Printable ‘artificial retina’
University of Sydney researcher Dr Matthew Griffith is developing a printable device that acts like a retina. The electrical device is made from multicoloured carbon-based semiconductors, using absorbed light to fire the neurons that transmit signals from the eyes to the brain.
The device can be printed using the same, low-cost method as newspaper printing, with a high-speed roll-to-roll press. It is intended that the device will be printed onto soft and flexible surfaces from water-based inks that contain nerve growth factors and then inserted into a patient’s retina by a surgeon.
Dr Griffith hopes to ultimately apply this technology, a type of neural interface, to restore sensory function to those with spinal cord injuries, and to treat people with neurodegenerative diseases.
Talk with Ted
Ted is an avatar with artificial intelligence — he has the symptoms of dementia and his behaviour and mood changes are based on real-life situations. Learners can Talk with Ted to:
- improve communication skills, and increase confidence, skills and knowledge when supporting people with dementia;
- practise talking with someone who has dementia symptoms in a safe and realistic environment, via simulated scenarios;
- recall what has been learnt and apply new skills into practice.
Metallic antiviral face mask
Australian materials technology company Xefco has developed a patent-pending antiviral textile technology, MetalliX, reported to be the world’s first thin-film antiviral copper treatment for textiles.
Independent studies conducted by the Peter Doherty Institute for Infection and Immunity (Doherty Institute) showed that materials treated with MetalliX inactivate SARS-CoV-2 in as little as five minutes.
Sunsafe with Sunwatch
Dr Noushin Nasiri, Head of the Nanotechnology Laboratory at Macquarie’s School of Engineering, has developed a wearable device that can detect harmful ultraviolet rays and give personalised sun safety alerts to wearers.
The Sunwatch is easy to use, Dr Nasiri explained.
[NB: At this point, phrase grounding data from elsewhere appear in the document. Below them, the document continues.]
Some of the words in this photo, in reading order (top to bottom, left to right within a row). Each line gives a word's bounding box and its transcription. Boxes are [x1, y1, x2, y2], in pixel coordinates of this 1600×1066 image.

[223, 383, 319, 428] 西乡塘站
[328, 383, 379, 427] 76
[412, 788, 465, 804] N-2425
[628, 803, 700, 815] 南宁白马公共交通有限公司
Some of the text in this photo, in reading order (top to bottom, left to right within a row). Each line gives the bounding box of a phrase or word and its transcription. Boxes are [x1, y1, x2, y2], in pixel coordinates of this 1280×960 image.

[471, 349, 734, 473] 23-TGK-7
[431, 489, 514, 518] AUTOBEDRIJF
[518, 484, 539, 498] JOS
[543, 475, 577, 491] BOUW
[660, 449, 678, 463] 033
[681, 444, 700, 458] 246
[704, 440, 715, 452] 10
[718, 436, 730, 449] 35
The wearer enters their skin type into the device, which measures UV rays and then suggests actions on an LCD screen. Advice includes ‘put on sunnies’ or ‘wear a broad-brimmed hat’ or ‘go in the shade’.
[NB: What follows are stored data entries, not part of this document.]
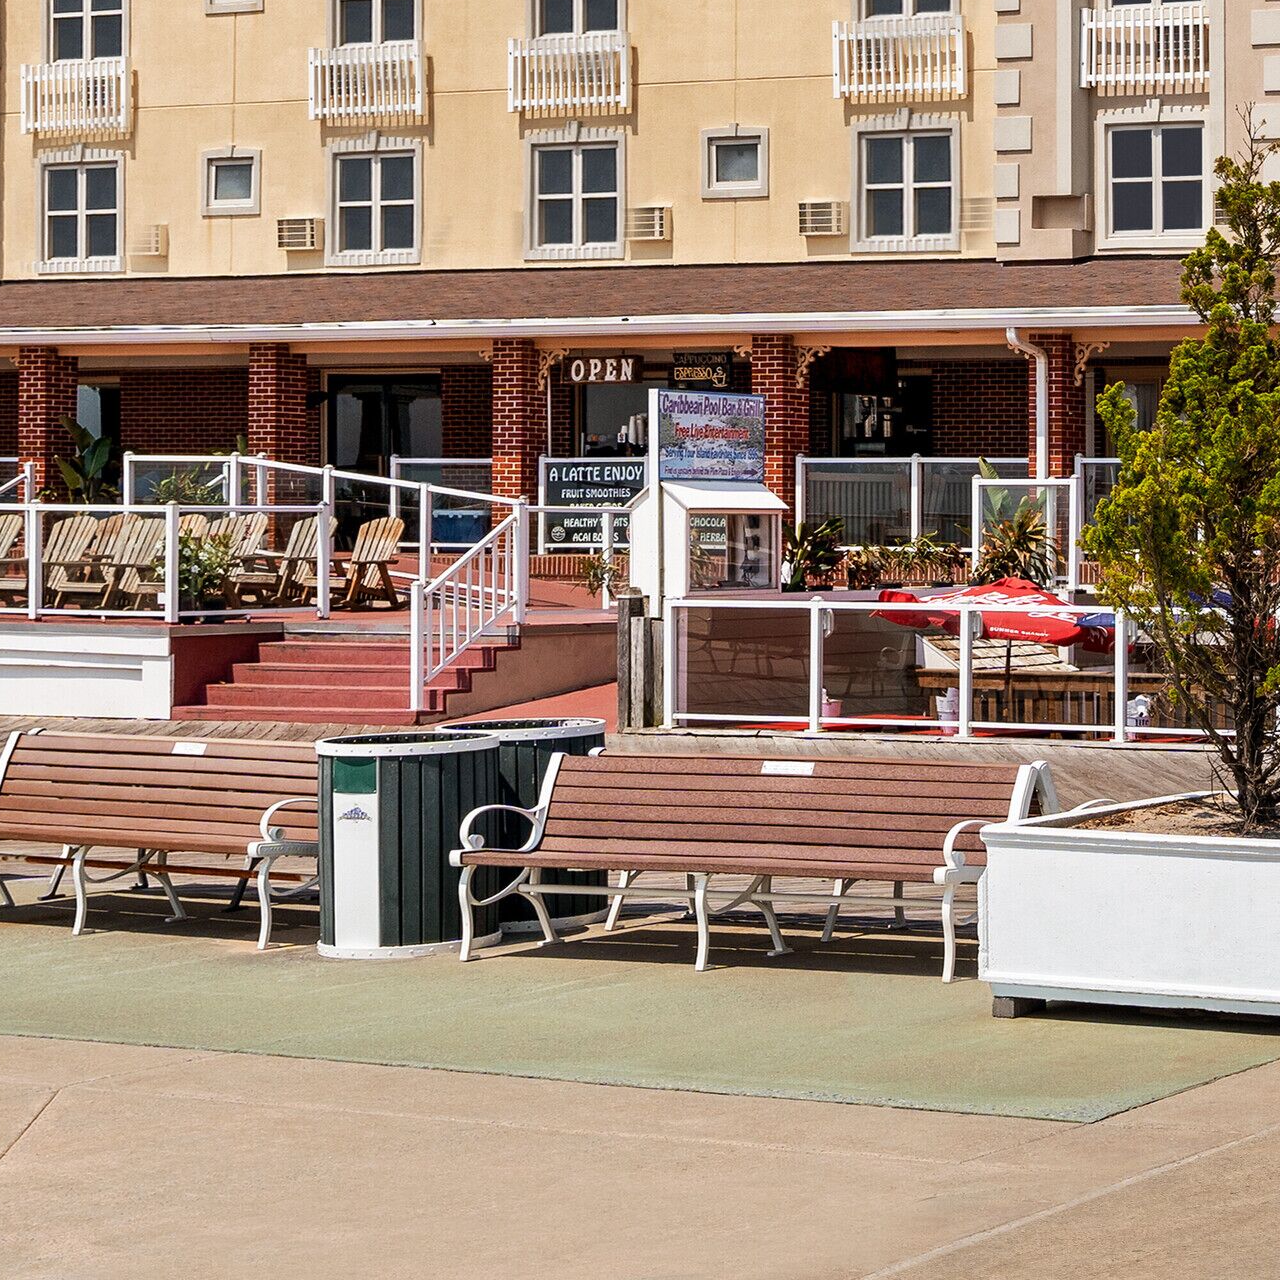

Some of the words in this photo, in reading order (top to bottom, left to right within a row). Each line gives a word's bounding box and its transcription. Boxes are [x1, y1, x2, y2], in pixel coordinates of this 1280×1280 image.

[571, 358, 634, 381] OPEN
[662, 394, 703, 416] Caribbean
[704, 396, 721, 416] Pool
[722, 397, 736, 416] Bar
[744, 399, 760, 417] Grill
[675, 422, 690, 437] Free
[691, 423, 703, 437] Live
[704, 424, 749, 439] Entertainment
[549, 467, 558, 481] A
[562, 467, 600, 481] LATTE
[604, 466, 642, 480] ENJOY
[561, 489, 584, 498] FRUIT
[586, 488, 631, 497] SMOOTHIES
[564, 518, 598, 527] HEALTHY
[600, 518, 629, 527] TATS
[572, 533, 590, 541] ACAI
[592, 532, 619, 541] BOS
AI solutions for the blind
Melbourne-based technology developer RealThing Ai has developed a unique human dialogue and intelligent reasoning product, called RealSAM, for people living with low vision and blindness. It is delivered exclusively through voice activation and used to control everyday technology such as mobile phones and smart speakers.
RealThing has been awarded $1m of funding by the Australian Government to accelerate the development of its technology.
used to further develop the solution and install the AI onto a mobile phone, so it can operate untethered to the internet.
Medical-grade smartphone monitoring tool
Emyria’s medical-grade monitoring tool can capture vital signs such as heart rate, heart rate variability and atrial fibrillation using only a smartphone camera. The application runs on Apple and Android phones, opening up opportunities to remotely capture objective health data.
Allowing clinical teams to remotely monitor safety and efficacy data in trial participants, Emyria plans to use the tool’s capability in its upcoming drug development programs.
Emyria has received a Class IIa ‘software-as-a-medical-device’ registration with the Therapeutic Goods Administration. The application has potential in a variety of medical and consumer health monitoring settings where medical-grade remote monitoring can improve the care of patients with complex needs.